Exercise objective —
The entries are to be printed again word for word, but no picture may appear.

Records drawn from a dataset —
*** Begin section ***
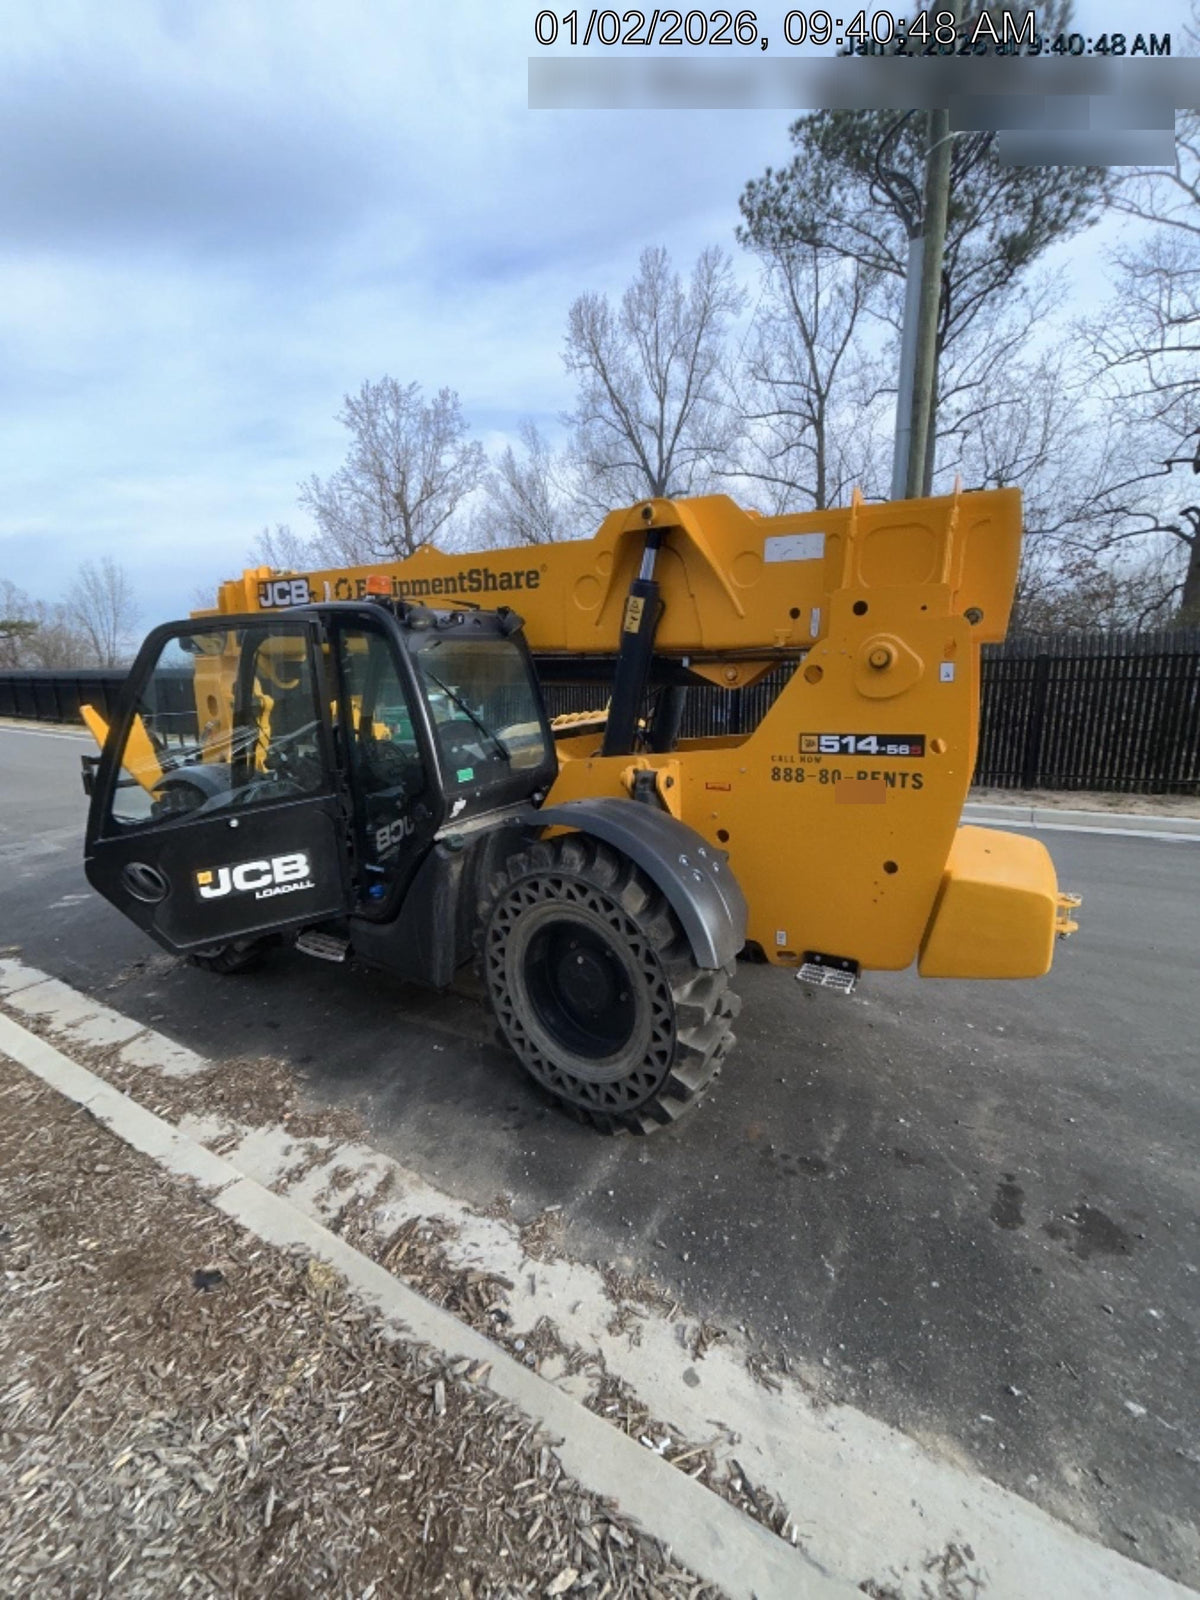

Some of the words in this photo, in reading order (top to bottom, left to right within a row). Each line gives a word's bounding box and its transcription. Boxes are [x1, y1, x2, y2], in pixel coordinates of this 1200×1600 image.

[259, 579, 310, 607] JCB
[771, 755, 796, 763] CALL
[800, 755, 822, 764] NOW
[198, 853, 310, 898] JCB
[255, 880, 316, 900] LOADALL
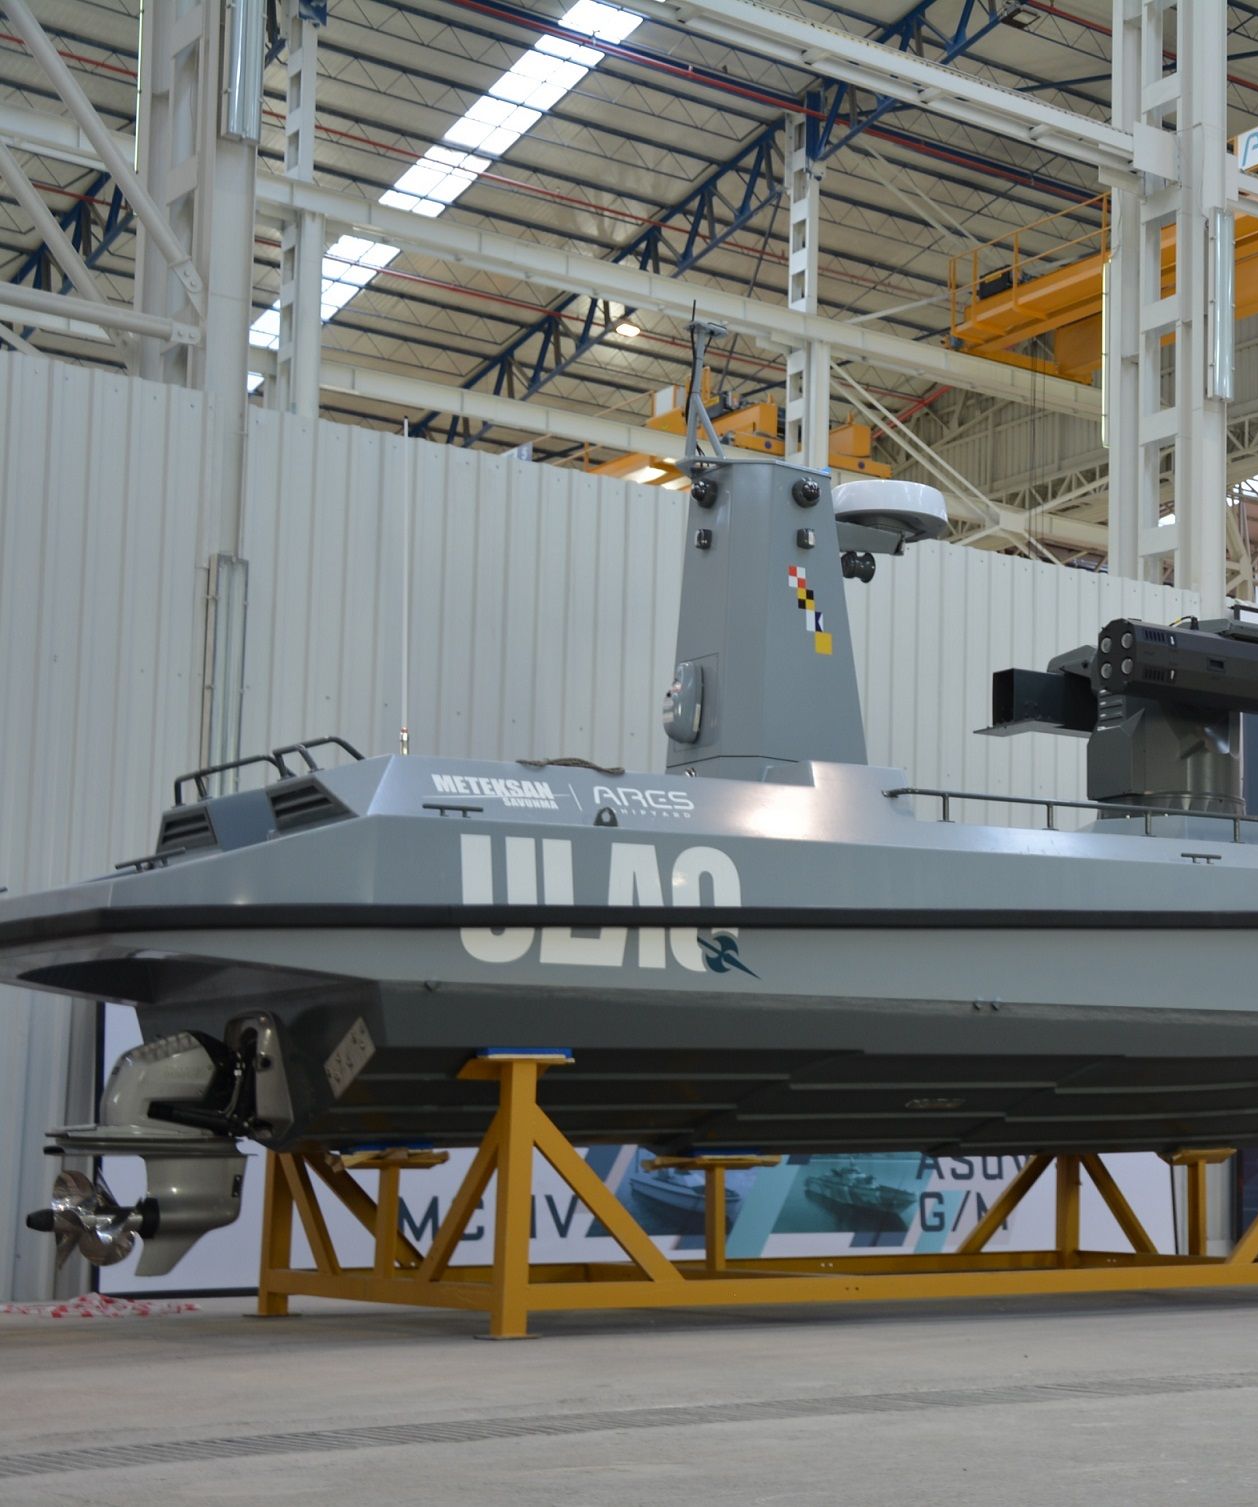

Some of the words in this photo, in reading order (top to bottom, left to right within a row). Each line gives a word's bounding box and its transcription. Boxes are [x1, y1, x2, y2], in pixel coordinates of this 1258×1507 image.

[431, 773, 555, 800] METEKSAN
[592, 785, 695, 811] ARES
[502, 796, 560, 810] SAVUNMA
[459, 833, 757, 979] ULAQ
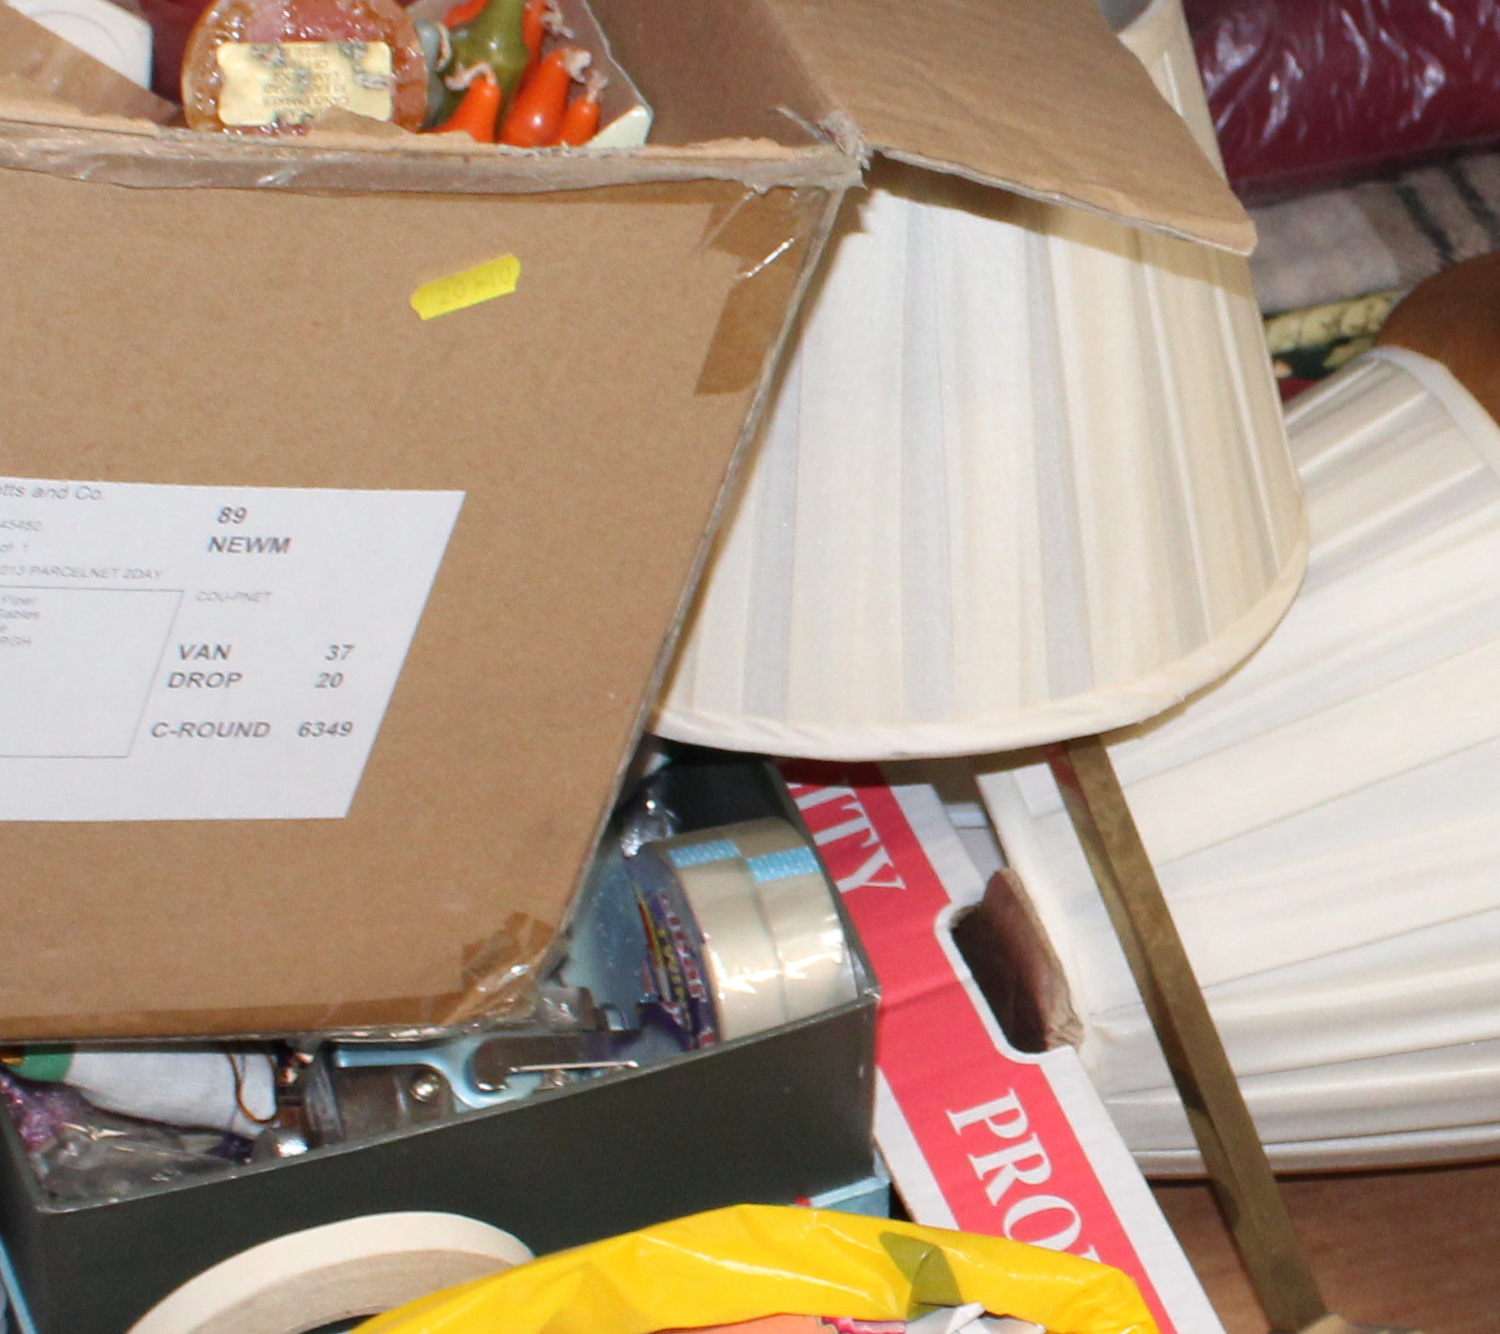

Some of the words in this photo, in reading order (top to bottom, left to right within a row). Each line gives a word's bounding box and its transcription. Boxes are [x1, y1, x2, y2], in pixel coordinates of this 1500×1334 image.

[31, 483, 68, 501] and
[216, 505, 248, 525] 89
[207, 535, 292, 555] NEWM
[28, 565, 119, 580] PARCELNET
[177, 643, 233, 662] VAN
[324, 644, 356, 662] 37
[166, 671, 244, 690] DROP
[314, 671, 345, 690] 20
[150, 721, 272, 740] C-ROUND
[297, 721, 355, 740] 6349
[786, 782, 908, 895] ITY
[945, 1086, 1103, 1265] PRO
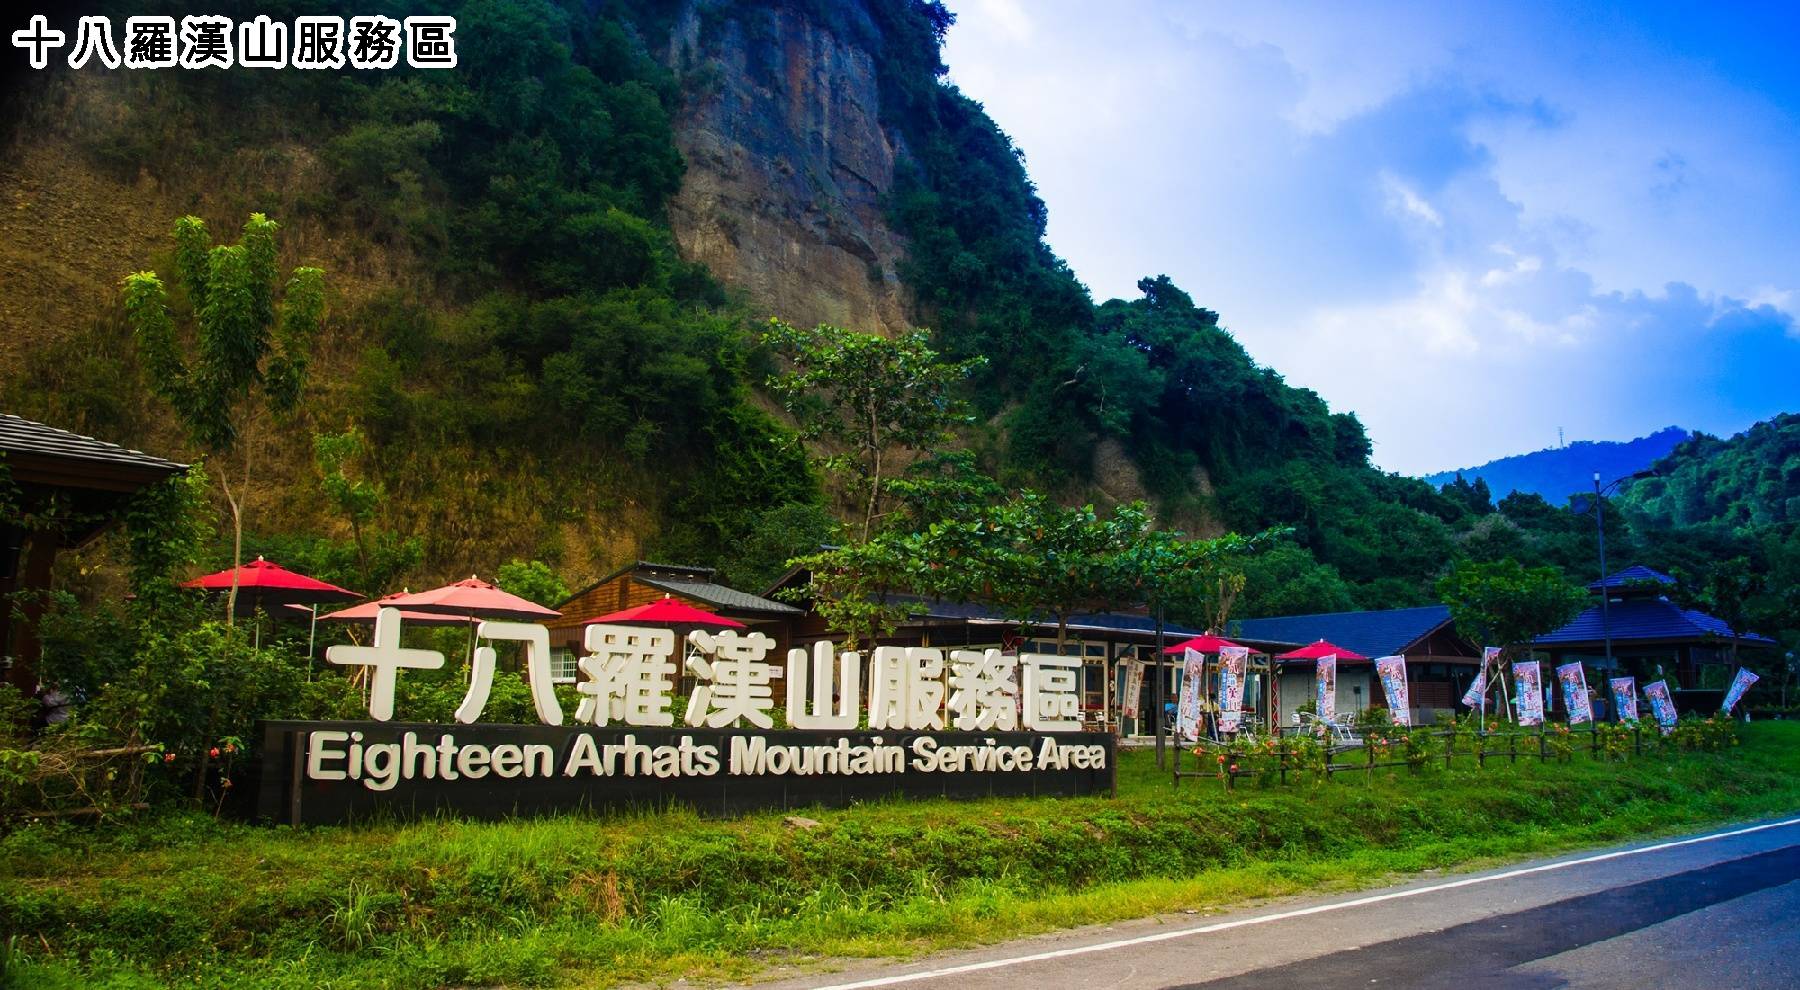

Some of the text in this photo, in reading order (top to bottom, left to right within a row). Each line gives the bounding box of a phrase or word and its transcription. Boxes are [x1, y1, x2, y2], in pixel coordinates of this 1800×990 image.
*** End section ***
Expected output —
Some of the words in this photo, in reading order (top to bottom, left to right within a row). Each line gives a word's bounding box and its transcription. Boxes are [x1, y1, x2, y2], in pixel coordinates of this 1200×1600 image.

[259, 579, 310, 607] JCB
[771, 755, 796, 763] CALL
[800, 755, 822, 764] NOW
[198, 853, 310, 898] JCB
[255, 880, 316, 900] LOADALL

Some of the words in this photo, in reading order (top to bottom, left to right within a row). Each line gives a word's bounding box and its transcription. Boxes are [x1, y1, x2, y2], in pixel coordinates of this 1258×1507 image.

[431, 773, 555, 800] METEKSAN
[592, 785, 695, 811] ARES
[502, 796, 560, 810] SAVUNMA
[459, 833, 757, 979] ULAQ

Some of the words in this photo, in reading order (top to bottom, left to right within a row). Each line gives a word's bounding box and its transcription. Boxes are [x1, y1, x2, y2], in pixel coordinates of this 1500×1334 image.

[31, 483, 68, 501] and
[216, 505, 248, 525] 89
[207, 535, 292, 555] NEWM
[28, 565, 119, 580] PARCELNET
[177, 643, 233, 662] VAN
[324, 644, 356, 662] 37
[166, 671, 244, 690] DROP
[314, 671, 345, 690] 20
[150, 721, 272, 740] C-ROUND
[297, 721, 355, 740] 6349
[786, 782, 908, 895] ITY
[945, 1086, 1103, 1265] PRO

Some of the text in this photo, in reading order (top to bottom, left to right within a row). Each line gives the bounding box of a phrase or word and its transcription. Boxes are [x1, y1, x2, y2], in pixel coordinates of this 1800×990 image.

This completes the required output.